I think a problem with the term "reified statement" is that it suggests the 
reification is unique (e.g. the "statement" part _is_ unique, per M&S, 
hence the implication that "reified statement" is unique.).  I would 
suggest something like "reification resource" or "statement resource" for 
the purpose you describe.

> > Stating:
> >    An assertion that some statement is true in some context.
> >    (or should that be:
> >    An assertion in some context that some statement is true.
> >    ?)
> >    NOTE:  this assertion is a statement separate from the
> >    statement asserted to be true.
>
>Funny definition.
>At first sight, I would have said I disagreed with it,
>but the time I wrote it, I was not so sure...
>
>If I write
>
>   s1: [Bush won Elections]
>   s2: [s1   ist Context1]
>
>from your definition, s2 is a stating of s1.
>But we have no statings of s2, which has been clearly stated, though...
>To get a stating of s2, I have to write
>
>   s3: [s2   ist Context2]
>
>and so on...
>I like that idea of statings.

Hmmm... tricky one, this.

If I say:

   [Bush won Elections]

I think that is a "stating" of 's1' in the (implied) context of our 
conversation.  I think your

   [s1 ist Context1]

is another stating that describes a stating of "s1".

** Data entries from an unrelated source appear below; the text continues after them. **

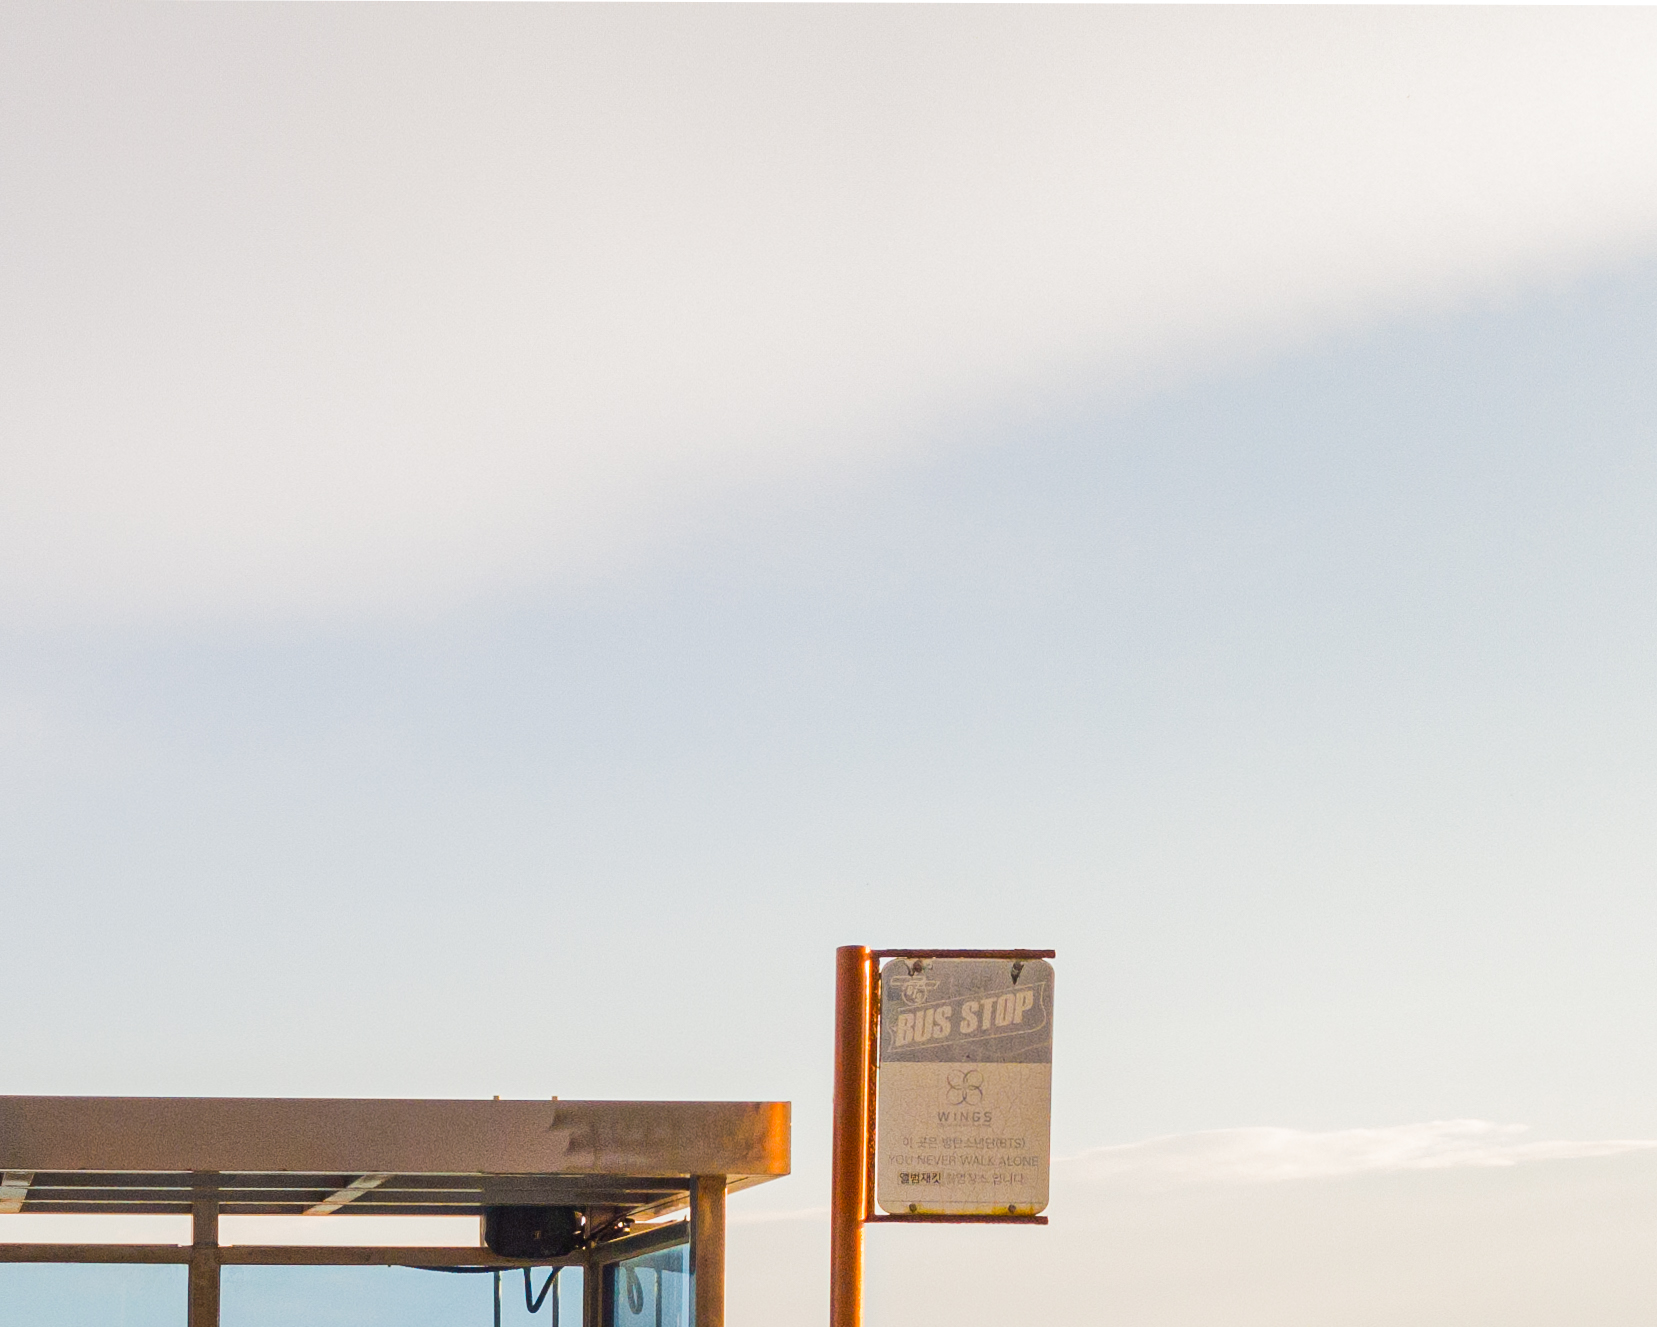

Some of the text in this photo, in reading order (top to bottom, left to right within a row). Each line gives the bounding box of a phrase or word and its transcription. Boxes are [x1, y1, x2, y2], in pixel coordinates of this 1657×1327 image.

[894, 990, 1034, 1047] BUS STOP
[937, 1111, 992, 1123] WINGS
[903, 1137, 913, 1150] 이
[888, 1154, 1039, 1168] YOU NEVER WALK ALONE
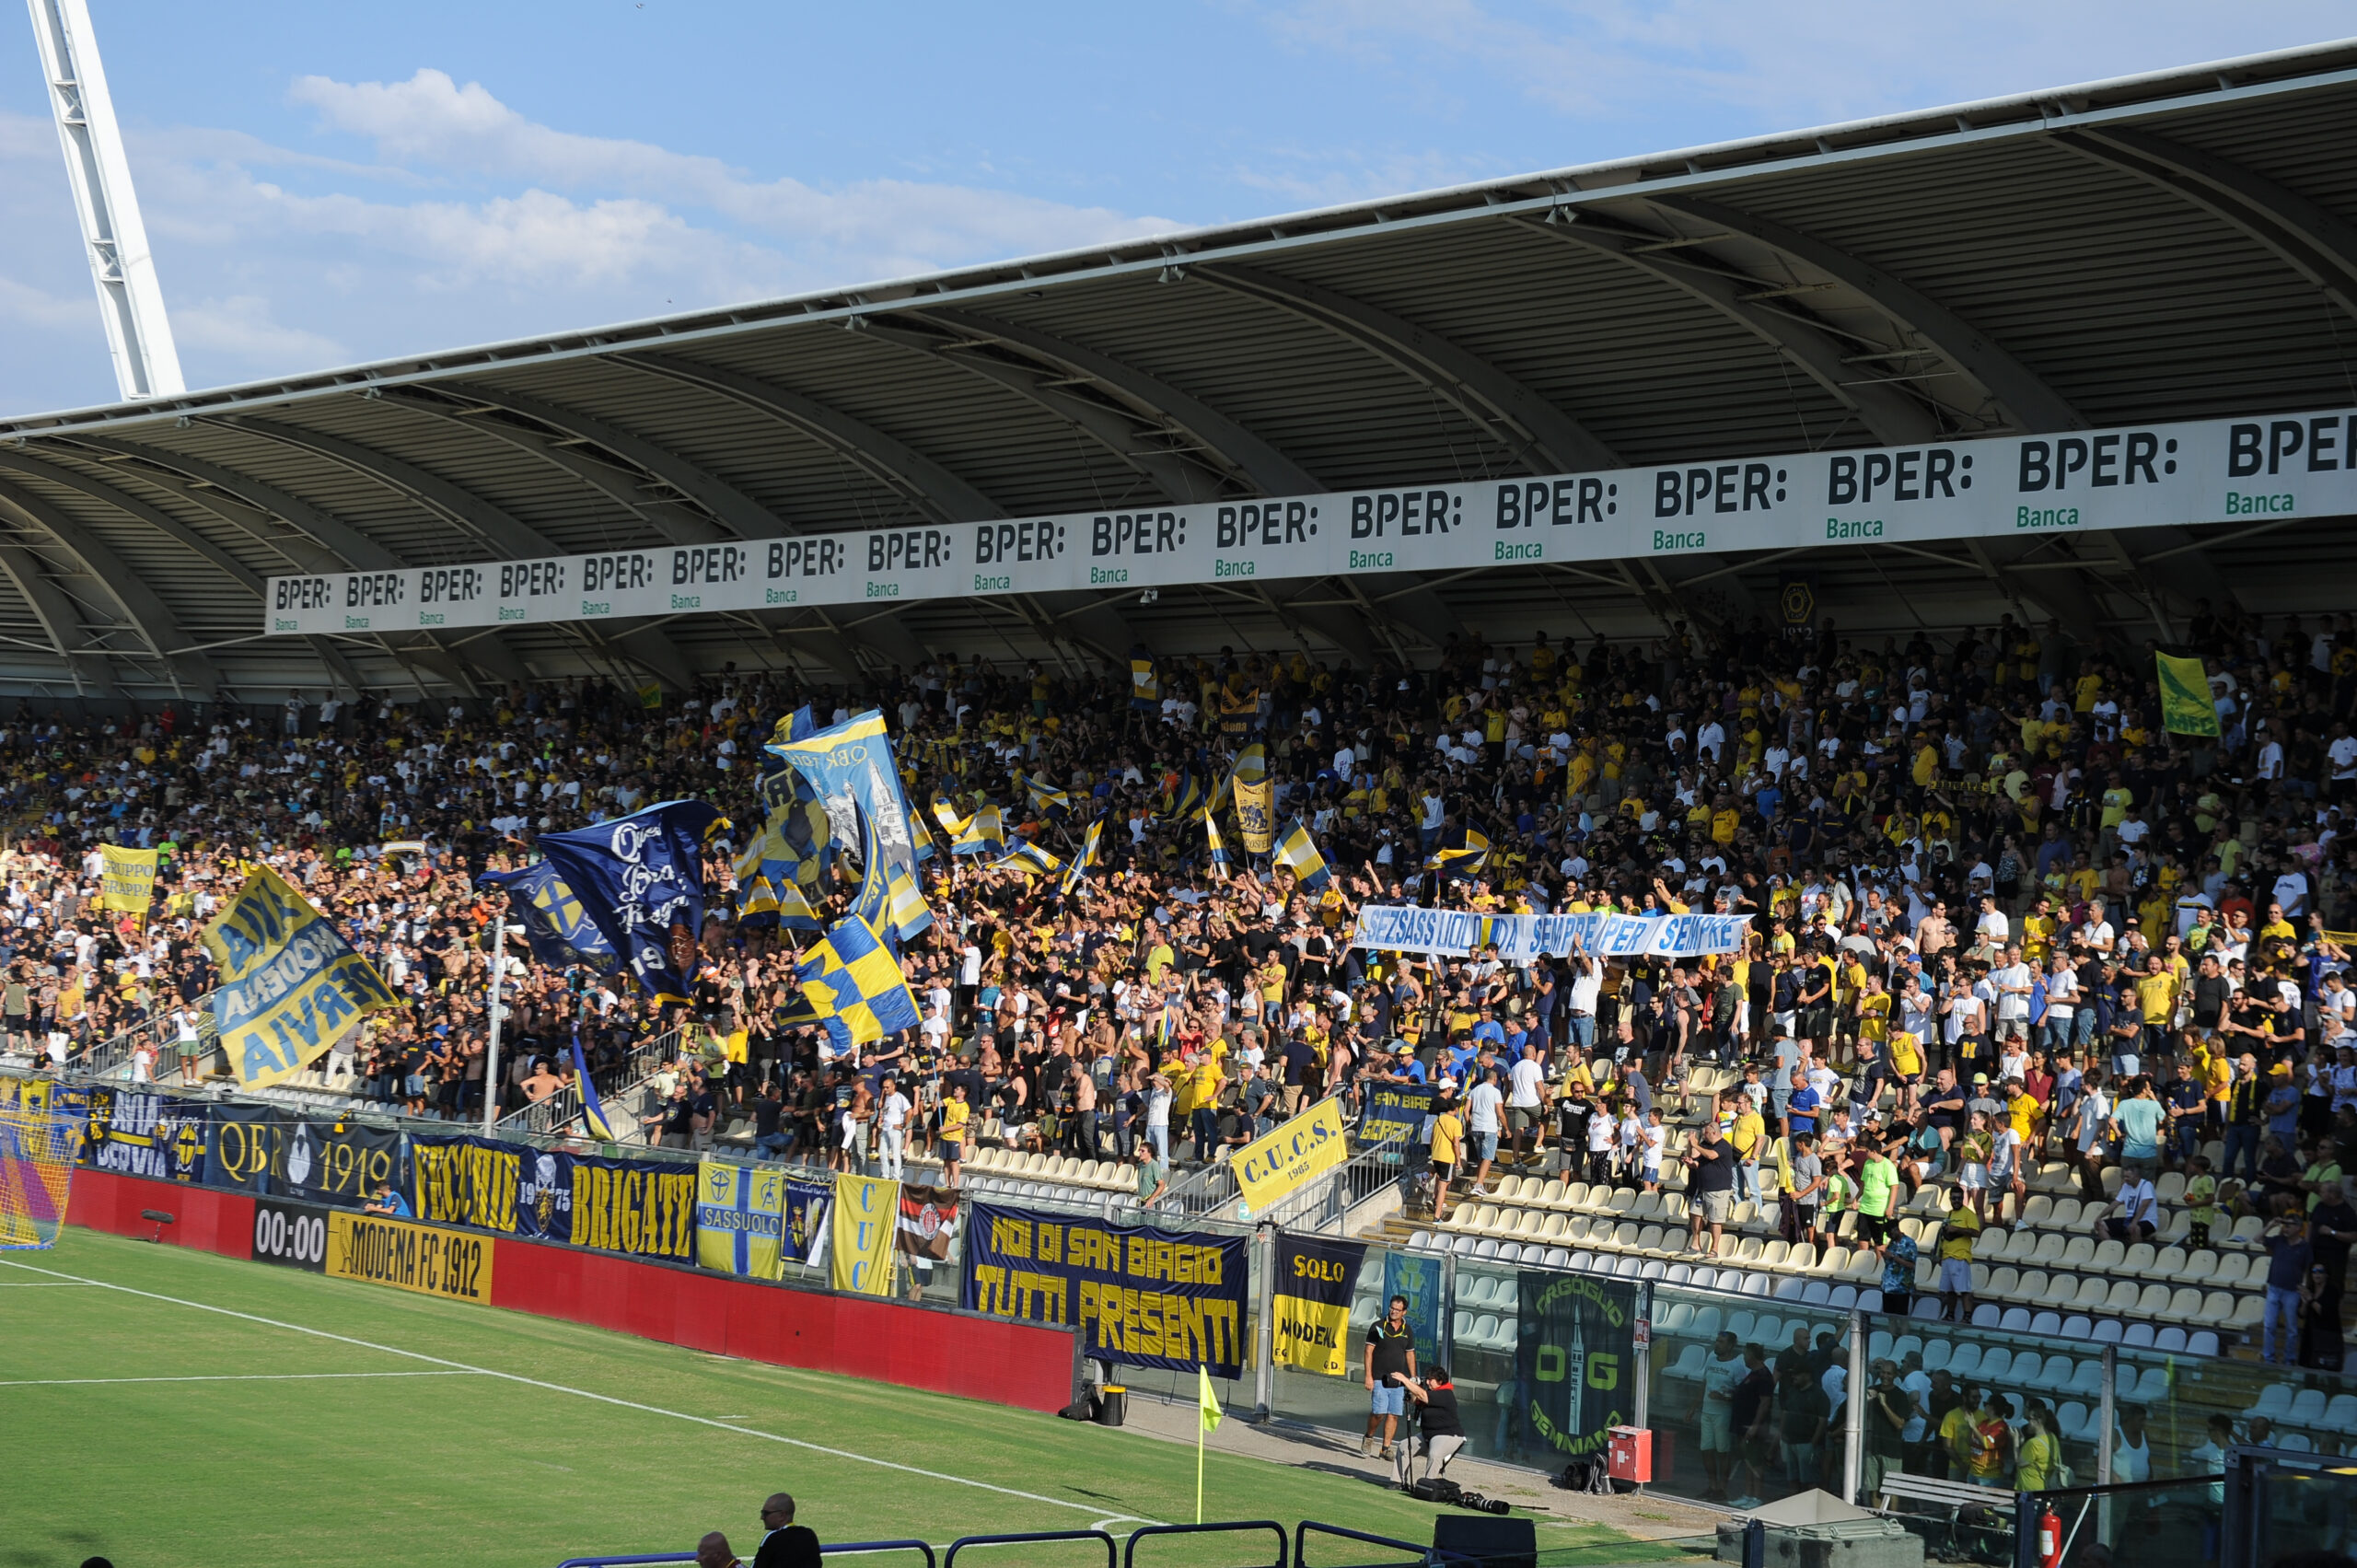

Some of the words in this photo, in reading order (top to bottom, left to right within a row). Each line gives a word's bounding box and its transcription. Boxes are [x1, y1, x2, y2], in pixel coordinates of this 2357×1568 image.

[1828, 448, 1972, 505] BPER:
[2018, 432, 2177, 493] BPER:
[1496, 476, 1617, 528] BPER:
[1655, 463, 1787, 518] BPER:
[2225, 491, 2294, 516] Banca
[1216, 500, 1318, 548] BPER:
[1351, 489, 1462, 539] BPER:
[1826, 517, 1884, 539] Banca
[2016, 504, 2079, 528] Banca
[976, 521, 1064, 563] BPER:
[1092, 511, 1186, 556] BPER:
[1653, 529, 1706, 551] Banca
[672, 546, 746, 585] BPER:
[767, 539, 844, 578] BPER:
[867, 528, 950, 572] BPER:
[1349, 549, 1393, 569] Banca
[1494, 540, 1543, 561] Banca
[500, 562, 564, 598] BPER:
[583, 554, 653, 591] BPER:
[974, 574, 1011, 591] Banca
[1090, 565, 1128, 584] Banca
[1214, 559, 1255, 577] Banca
[276, 578, 331, 610] BPER:
[346, 574, 404, 607] BPER:
[421, 568, 482, 602] BPER:
[766, 588, 797, 603] Banca
[865, 581, 900, 598] Banca
[498, 607, 525, 621] Banca
[582, 600, 610, 615] Banca
[671, 594, 701, 610] Banca
[275, 618, 298, 631] Banca
[345, 615, 369, 629] Banca
[420, 612, 445, 625] Banca
[102, 859, 154, 877] GRUPPO
[103, 878, 150, 897] GRAPPA
[1529, 915, 1597, 953] SEMPRE
[1598, 919, 1648, 952] PER
[1659, 914, 1741, 951] SEMPRE
[629, 946, 665, 977] 19
[1374, 1092, 1399, 1108] SAN
[1401, 1095, 1433, 1110] BIAG
[1244, 1118, 1338, 1183] C.U.C.S.
[1287, 1162, 1310, 1181] 1985
[520, 1181, 535, 1205] 19
[555, 1188, 571, 1212] 75
[570, 1165, 696, 1257] BRIGATE
[704, 1208, 780, 1236] SASSUOLO
[256, 1208, 325, 1262] 00:00
[992, 1216, 1032, 1259] NOI
[1038, 1223, 1062, 1263] DI
[1068, 1226, 1120, 1273] SAN
[1128, 1236, 1223, 1285] BIAGIO
[352, 1220, 415, 1285] MODENA
[419, 1232, 439, 1290] FC
[441, 1236, 482, 1297] 1912
[1293, 1254, 1345, 1283] SOLO
[975, 1263, 1068, 1325] TUTTI
[1079, 1280, 1240, 1366] PRESENTI
[1536, 1276, 1624, 1328] ORGOGLIO
[1535, 1344, 1566, 1382] O
[1587, 1351, 1619, 1390] G
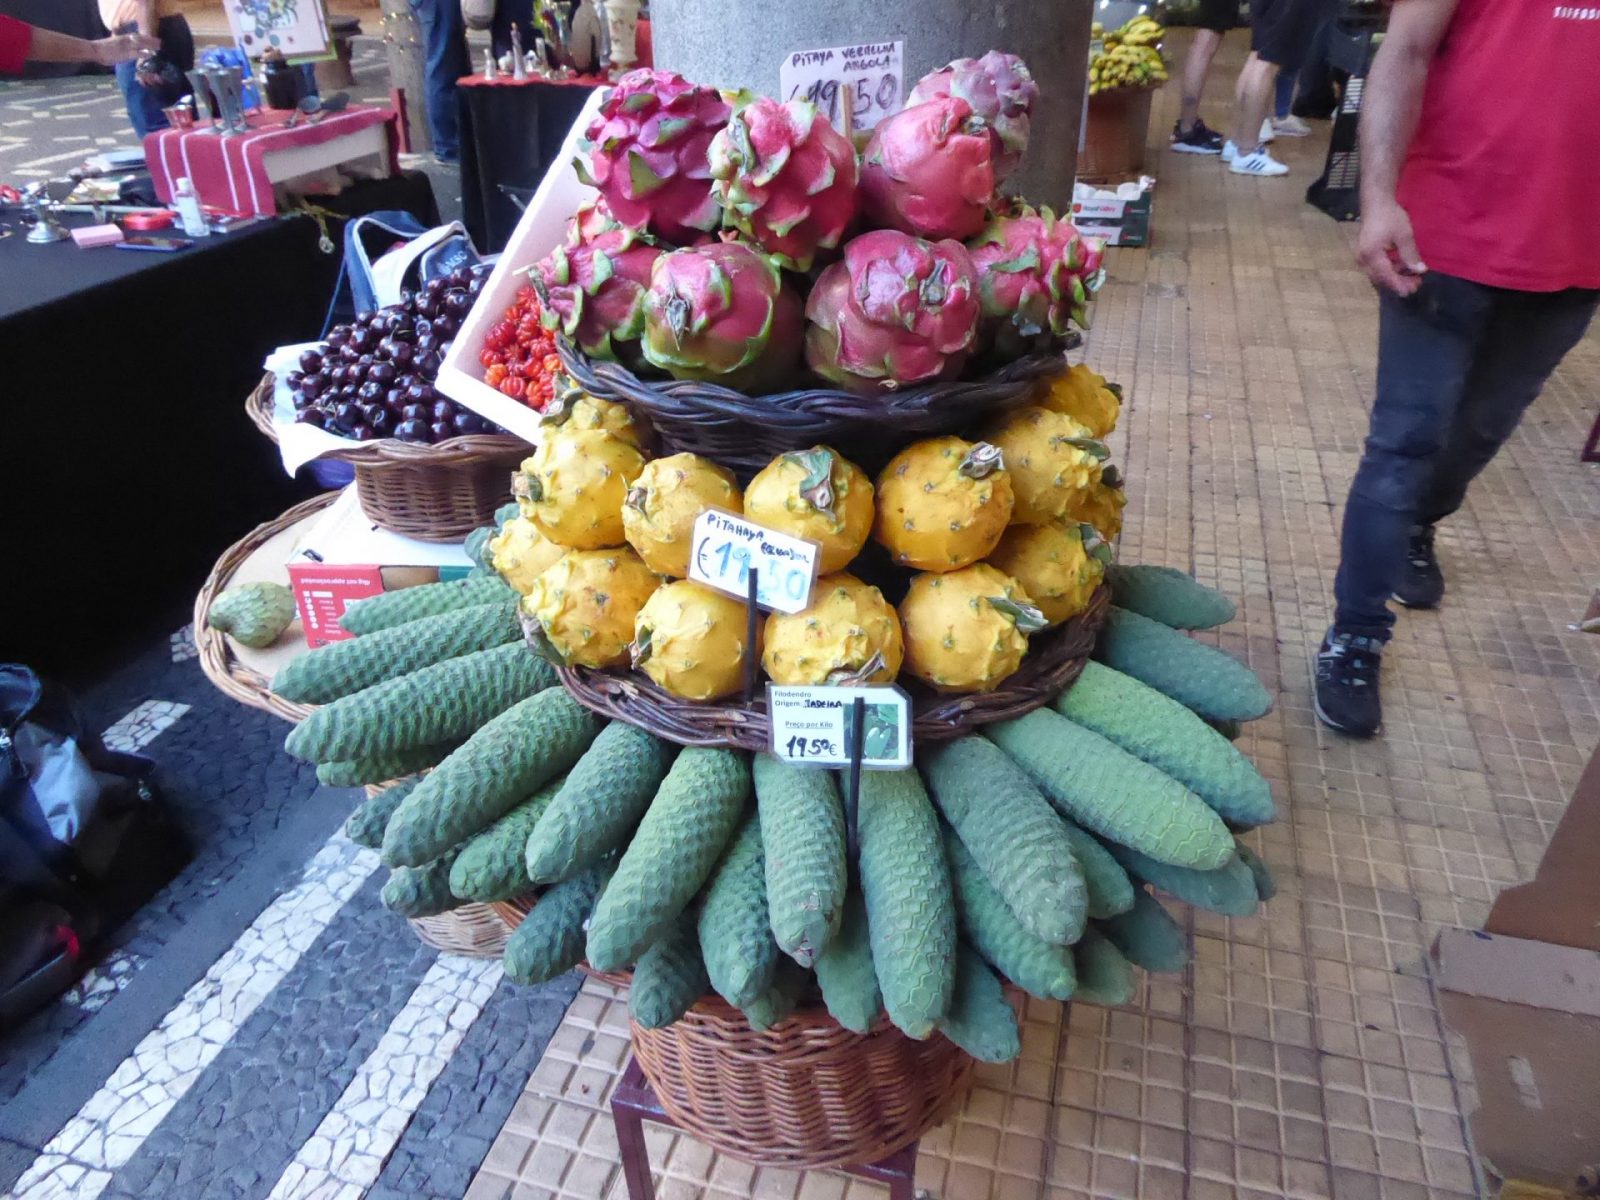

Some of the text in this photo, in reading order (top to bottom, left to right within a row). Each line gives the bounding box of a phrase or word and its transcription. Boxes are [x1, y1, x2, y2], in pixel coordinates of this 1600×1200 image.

I think that "stating" is the basic mode of RDF:  every RDF statement is a 
stating.  A reification is also a stating, that some identified resource is 
of type rdf:Statement and has certain properties;  i.e. it merely asserts 
the existence of and an identity for a statement without asserting its truth.

Thus, I would re-word my definition to be:

Stating:
    The expression of an RDF statement [or set of statements]
    in some context of discourse that is taken to be an assertion
    of the truth of the statement[s] in that context.

NOTE: I don't think the notion of stating should, of itself,
invoke the formal language of contexts.